:: Provided records ::
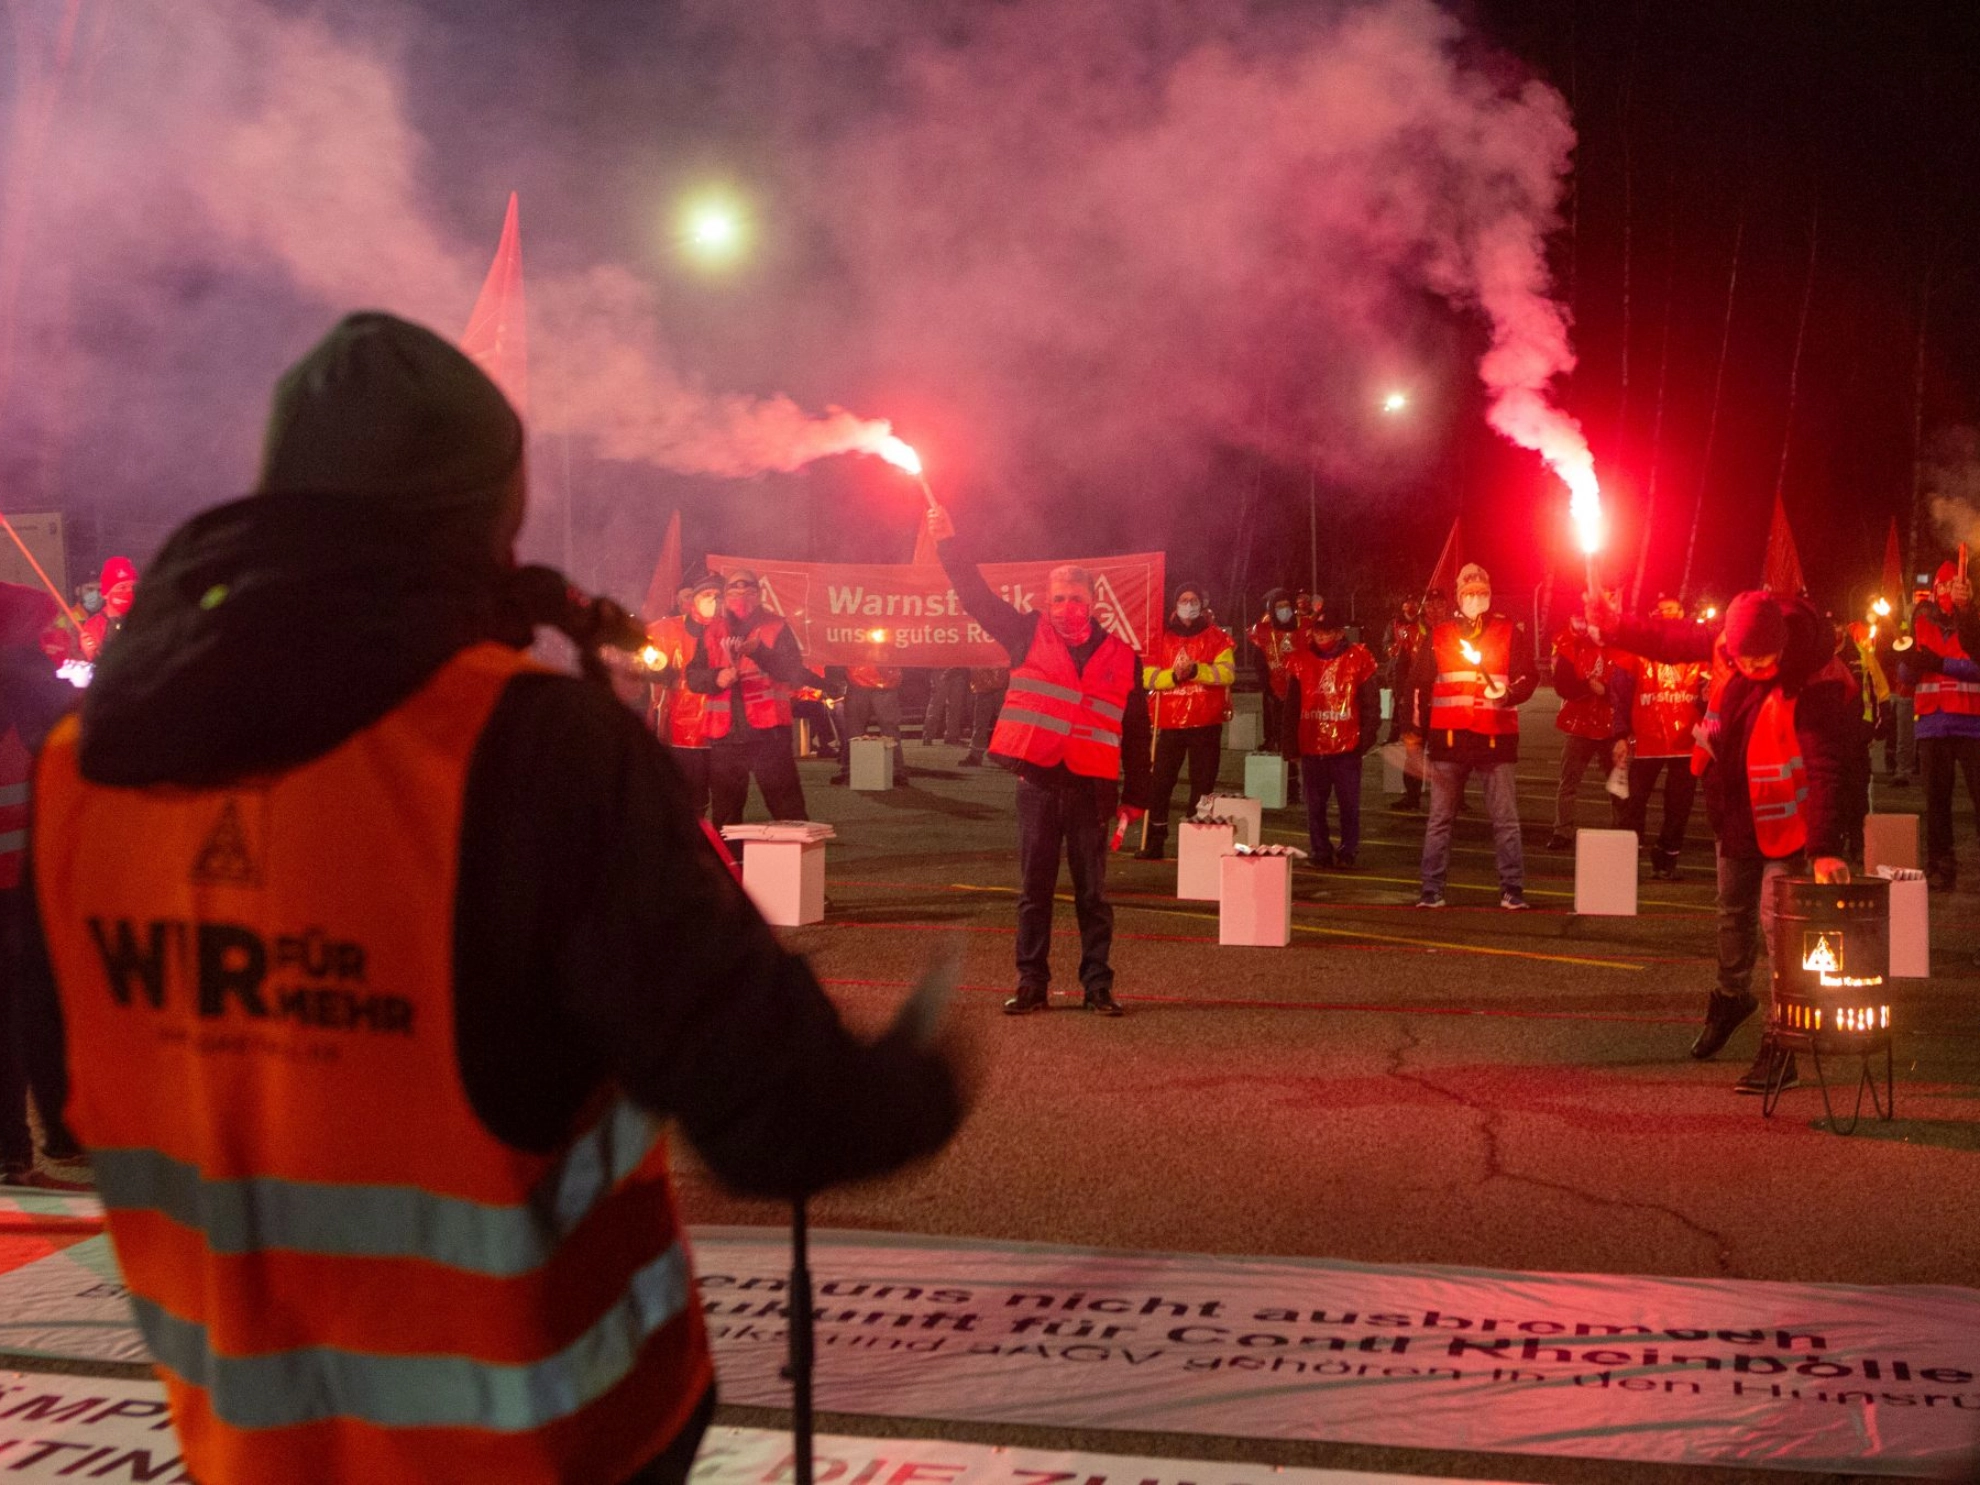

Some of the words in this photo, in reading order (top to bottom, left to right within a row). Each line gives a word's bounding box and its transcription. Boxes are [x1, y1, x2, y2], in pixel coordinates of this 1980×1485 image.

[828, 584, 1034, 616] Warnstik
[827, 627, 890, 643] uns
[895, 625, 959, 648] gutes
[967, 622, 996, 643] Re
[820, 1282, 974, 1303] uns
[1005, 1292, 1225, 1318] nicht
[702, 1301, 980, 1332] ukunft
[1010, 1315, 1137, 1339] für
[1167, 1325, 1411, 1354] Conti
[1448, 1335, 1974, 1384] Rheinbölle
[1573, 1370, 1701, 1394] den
:::
** Assignment **
Pictures are to be left out; all else in the entries above is to be quoted exactly.

** Response **
Some of the words in this photo, in reading order (top to bottom, left to right within a row). Each line gives a word's bounding box and its transcription. Boxes are [x1, y1, x2, y2], in pixel coordinates of this 1980×1485 image.

[828, 584, 1034, 616] Warnstik
[827, 627, 890, 643] uns
[895, 625, 959, 648] gutes
[967, 622, 996, 643] Re
[820, 1282, 974, 1303] uns
[1005, 1292, 1225, 1318] nicht
[702, 1301, 980, 1332] ukunft
[1010, 1315, 1137, 1339] für
[1167, 1325, 1411, 1354] Conti
[1448, 1335, 1974, 1384] Rheinbölle
[1573, 1370, 1701, 1394] den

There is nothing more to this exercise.